Daily factoid: Boomers’ galloping discretionary spending

Gallup.com recently released results of a survey of Baby Boomers’ discretionary spending, which suggests that, as a group, Boomers’ spending fell from 2008 high of $115/day to a low of $55/day in early 2009. Since then, it’s rebounded back to $105/day. I.E., Boomer spending has nearly doubled since the bottom of the recession.

While the methodology of the survey leaves a lot to be desired, the results still provide some interesting food for thought. Based on the numbers reported, Gallup suggests that there are really two distinct Boomer cohorts. They dub them ‘leading-edge’ (born 1946-’55) and ‘trailing-edge’ (born 1956-’64). Gallup’s not the first to make such a distinction. Way back in 1985, Schuman and Scott conducted a broad survey of Baby Boomers, asking them to recall seminal social memories. Older Boomers cited the Cuban Missile Crisis, the assassinations of JFK and MLK, the civil rights movement, feminism; and sex, drugs, and rock ‘n’ roll. Younger Boomers cited the  cold war, Vietnam war & protests, and Watergate. The second group is less cohesive and more cynical. But, I digress...

According to Gallup, leading-edge (technical term: ‘older’) Boomers are more likely than trailing-edge (younger) ones to report that they’re spending more this year than last year. Gallup draws this conclusion: “Leading-edge boomers appear to have greater latitude in their spending—and are applying it to things they would prefer to do rather than things they have to do.” [Their italics]

There are a number of reasons that members of the older cohort would have different financial situations, compared to the younger cohort. Most of the older ones are over 65; they’re more likely to be retired, hence less burdened by work-related expenses and more likely to have their financial situation tied to the stock market, which has recovered to pre-recession levels. Trailing-edge Boomers are the ones most likely squeezed from both sides, too; they could still be helping pay for their kids’ college educations, and are more likely to have surviving parents who also need assistance.
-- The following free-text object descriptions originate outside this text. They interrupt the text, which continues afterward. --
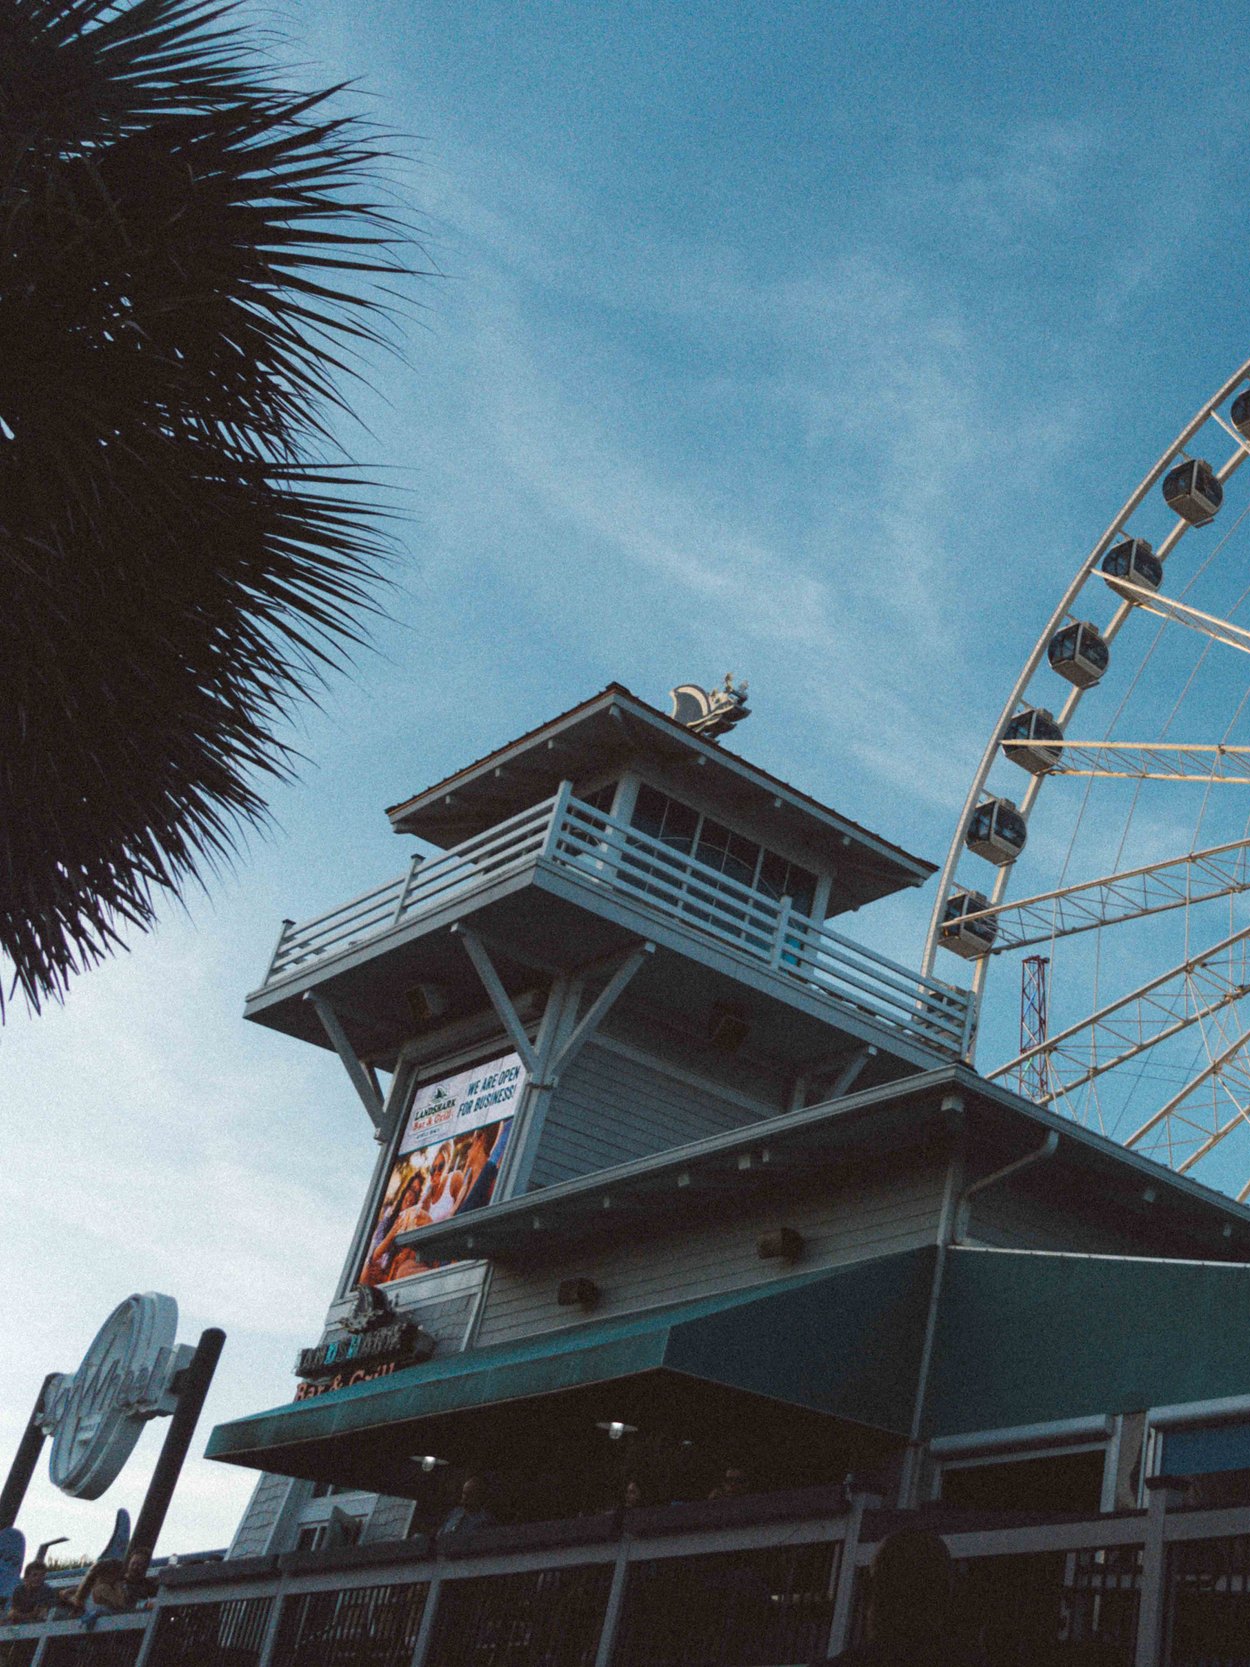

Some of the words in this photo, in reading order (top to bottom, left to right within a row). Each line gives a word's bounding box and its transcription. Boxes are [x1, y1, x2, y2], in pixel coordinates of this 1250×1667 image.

[468, 1080, 481, 1096] WE
[482, 1073, 499, 1090] ARE
[499, 1065, 521, 1085] OPEN
[415, 1099, 456, 1120] LANDSHARK
[457, 1100, 474, 1117] FOR
[473, 1083, 517, 1112] BUSINESS!
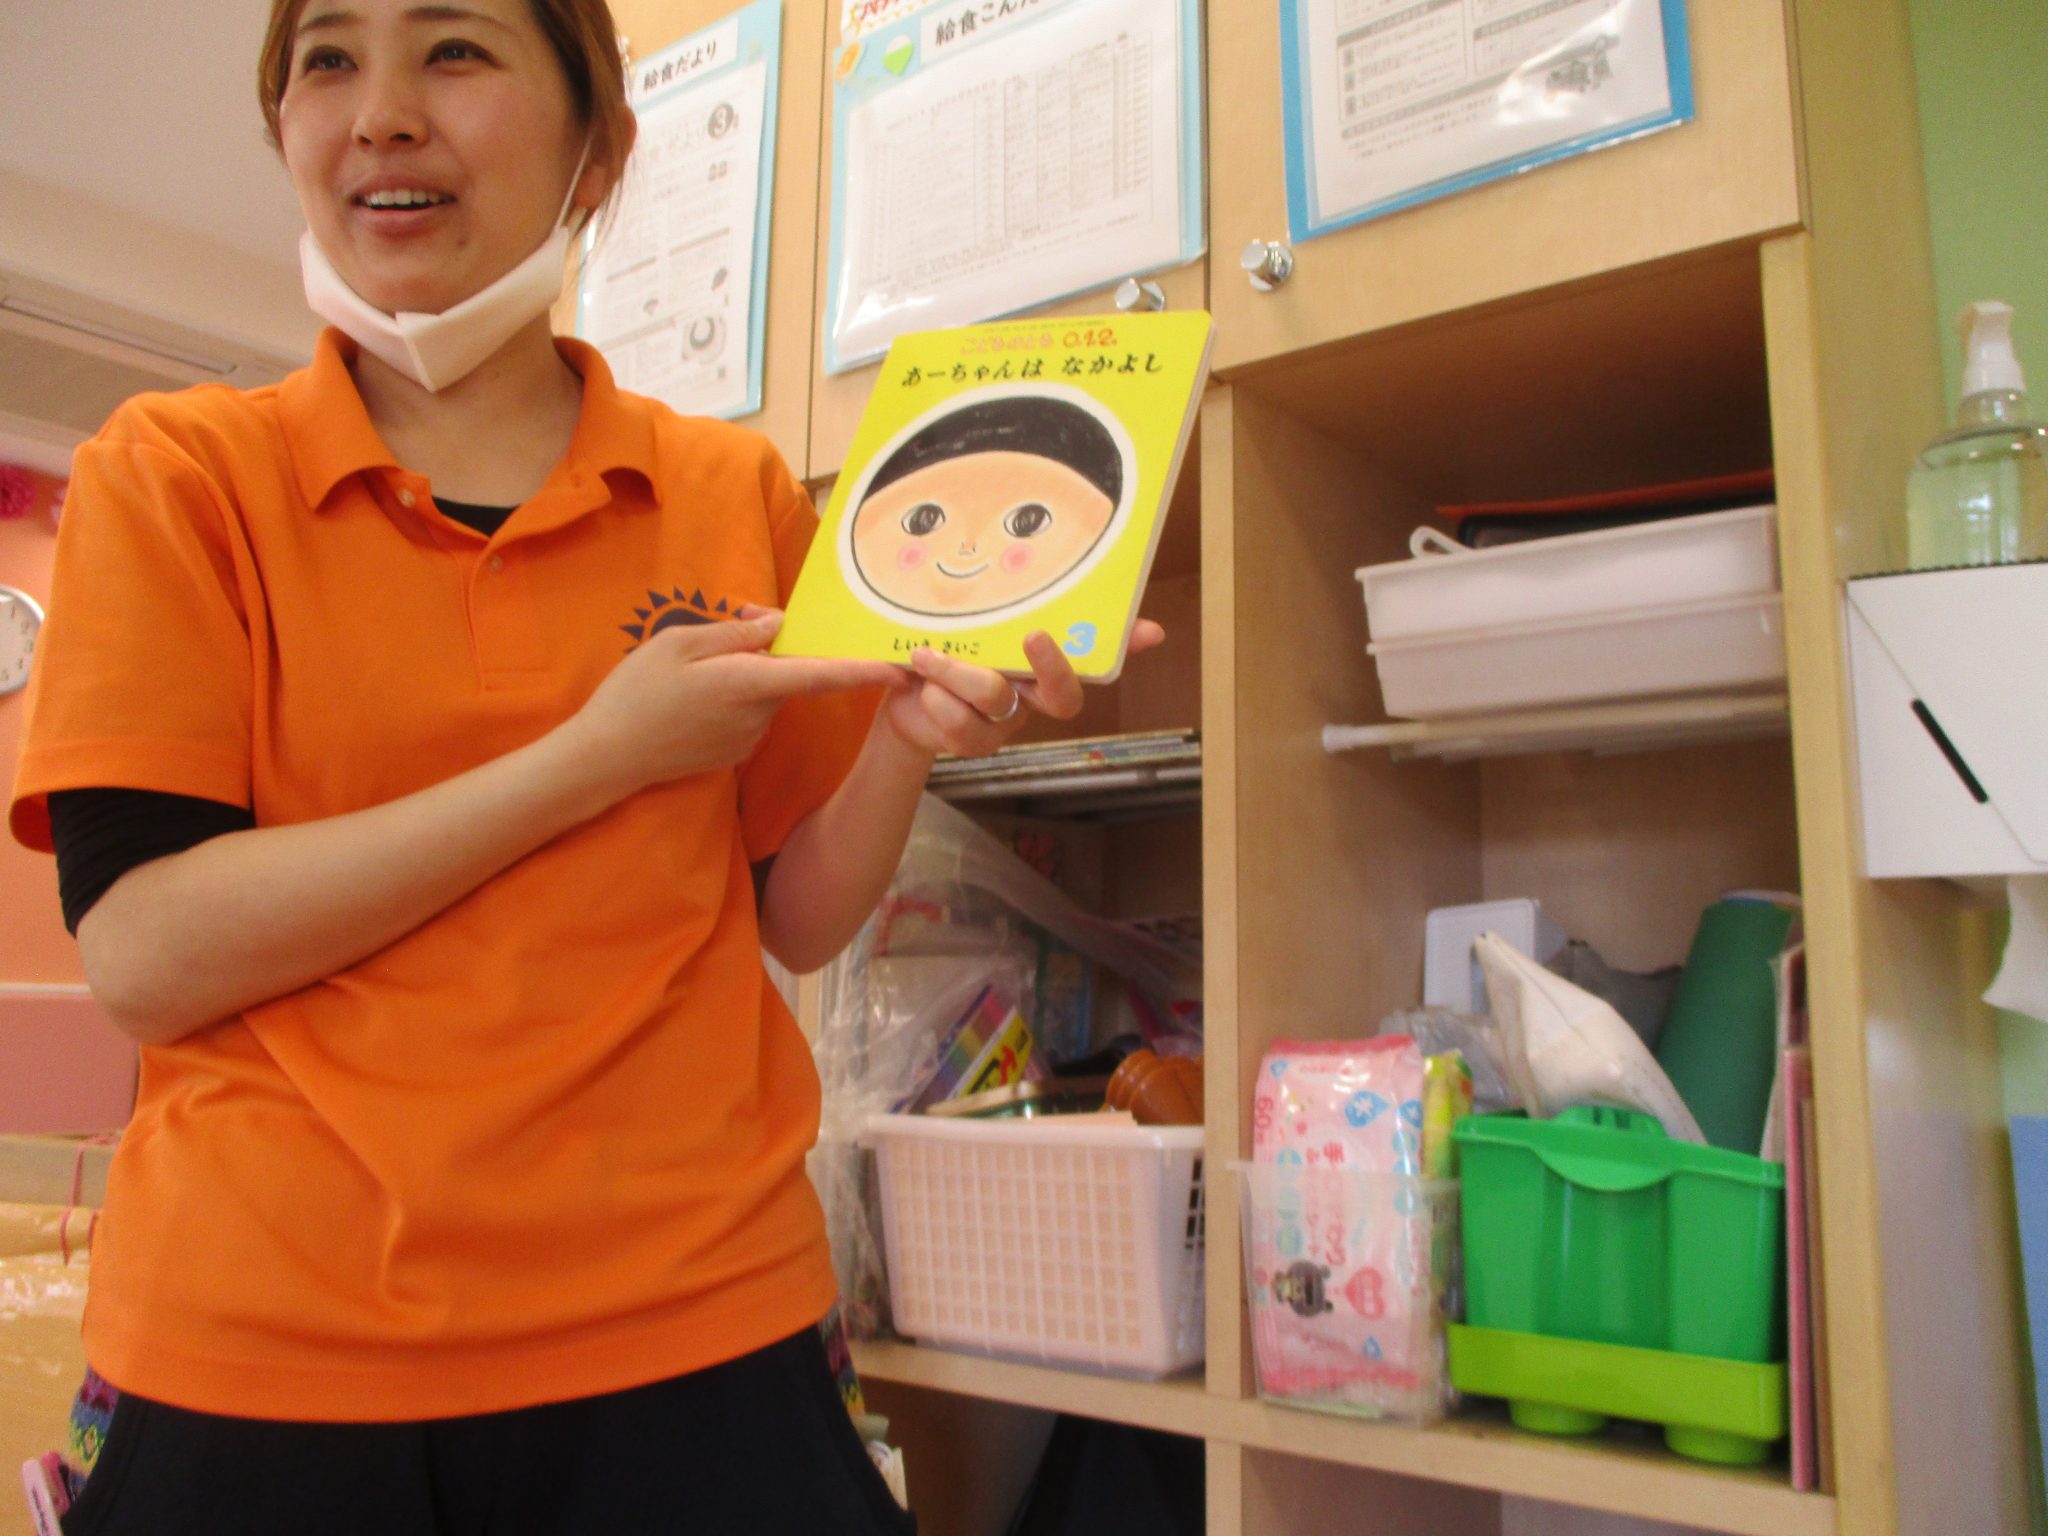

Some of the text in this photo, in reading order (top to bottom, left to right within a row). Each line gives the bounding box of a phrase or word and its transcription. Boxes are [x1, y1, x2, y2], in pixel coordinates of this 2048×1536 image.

[642, 40, 717, 92] 給食だより
[902, 352, 1163, 387] あーちゃんは なかよし
[1063, 621, 1098, 657] 3
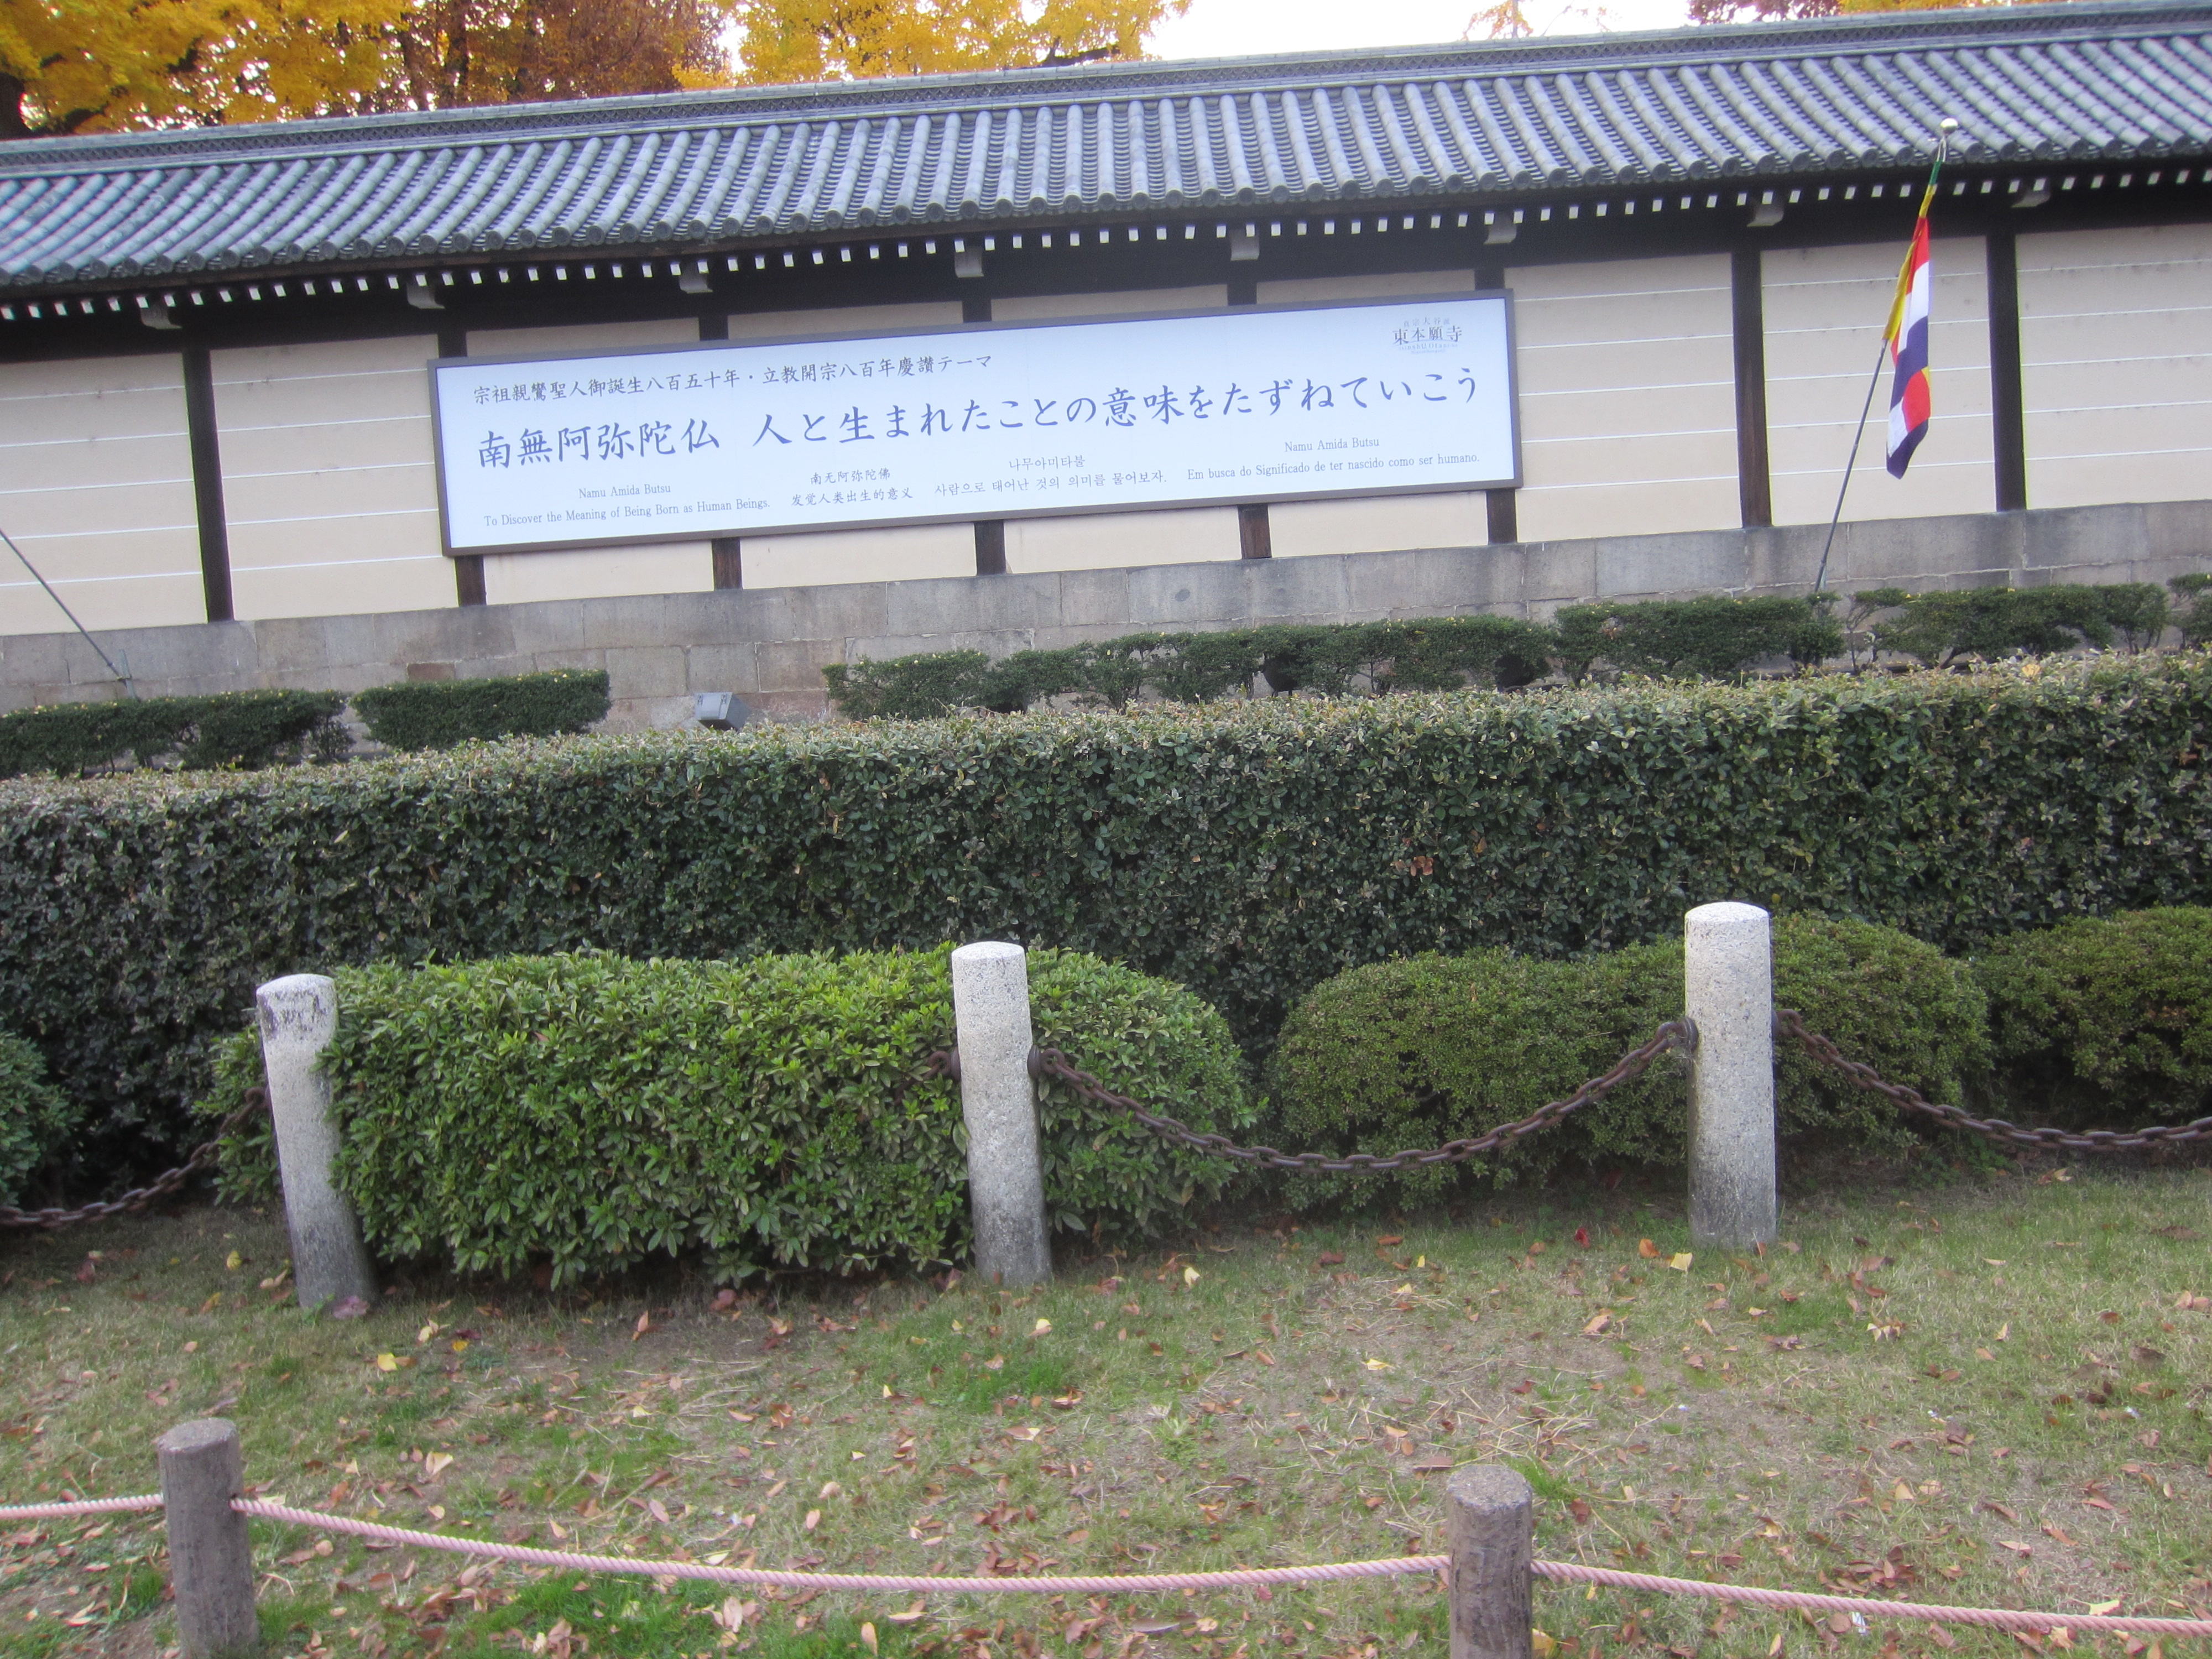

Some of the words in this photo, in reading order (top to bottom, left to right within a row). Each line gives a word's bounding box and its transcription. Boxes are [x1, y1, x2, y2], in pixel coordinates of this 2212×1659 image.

[1392, 325, 1462, 345] 東本願寺
[478, 418, 721, 469] 南無阿弥陀仏
[753, 368, 1475, 446] 人と生まれたことの意味をたずねていこう
[1285, 441, 1313, 452] Namu
[1317, 439, 1348, 450] Amida
[1352, 437, 1380, 448] Butsu
[1009, 455, 1086, 471] 나무아미타불
[1187, 469, 1204, 479] Em
[1208, 467, 1236, 478] busca
[1240, 466, 1252, 477] do
[1255, 462, 1310, 477] Significado
[1314, 461, 1326, 472] de
[1329, 461, 1344, 472] ter
[1348, 457, 1384, 470] nascido
[1388, 458, 1415, 467] como
[1418, 456, 1433, 465] ser
[1437, 452, 1480, 464] humano.
[810, 467, 890, 485] 南无阿弥陀佛
[935, 482, 986, 496] 사람으로
[992, 478, 1029, 492] 태어난
[1036, 476, 1060, 491] 것의
[1068, 473, 1105, 488] 의미를
[1112, 470, 1167, 486] 물어보자.
[578, 488, 606, 499] Namu
[610, 484, 640, 497] Amida
[644, 484, 671, 494] Butsu
[791, 487, 913, 507] 发觉人类出生的意义
[484, 515, 498, 526] To
[501, 513, 542, 525] Discover
[547, 511, 562, 523] the
[566, 509, 607, 521] Meaning
[611, 506, 620, 518] of
[624, 505, 652, 517] Being
[655, 504, 679, 516] Born
[683, 504, 693, 513] as
[697, 500, 732, 513] Human
[736, 498, 771, 510] Beings.
For all that Gallup’s study prompts as many questions as answers, it’s nice whenever a mainstream organizations views “Baby Boomers” and/or “Seniors” as more than a monolithic group. The distinction of leading-edge and trailing-edge Boomers is a start.

There are close to 100 million Americans over 50. No group that large could possibly be made up of people who all think, or for that matter spend, the same. 

The Statistician’s Curse: Gallup’s methodology notes are sparse, and do not address any of these issues...

  • We haven’t been told whether or not these figures are inflation-adjusted. If they are not corrected, today’s $105 figure is still quite a bit shy of 2008’s $114 peak. Full recovery would equate to about $125 today.
  • This study is based on a telephone survey in which random respondents self-reported an estimate of the amount they’d spent that day, in various categories. Self-reporting is notoriously inaccurate. 
  • If Gallup has research examining whether or not the recession has influenced self-reporting errors, they haven’t shared it.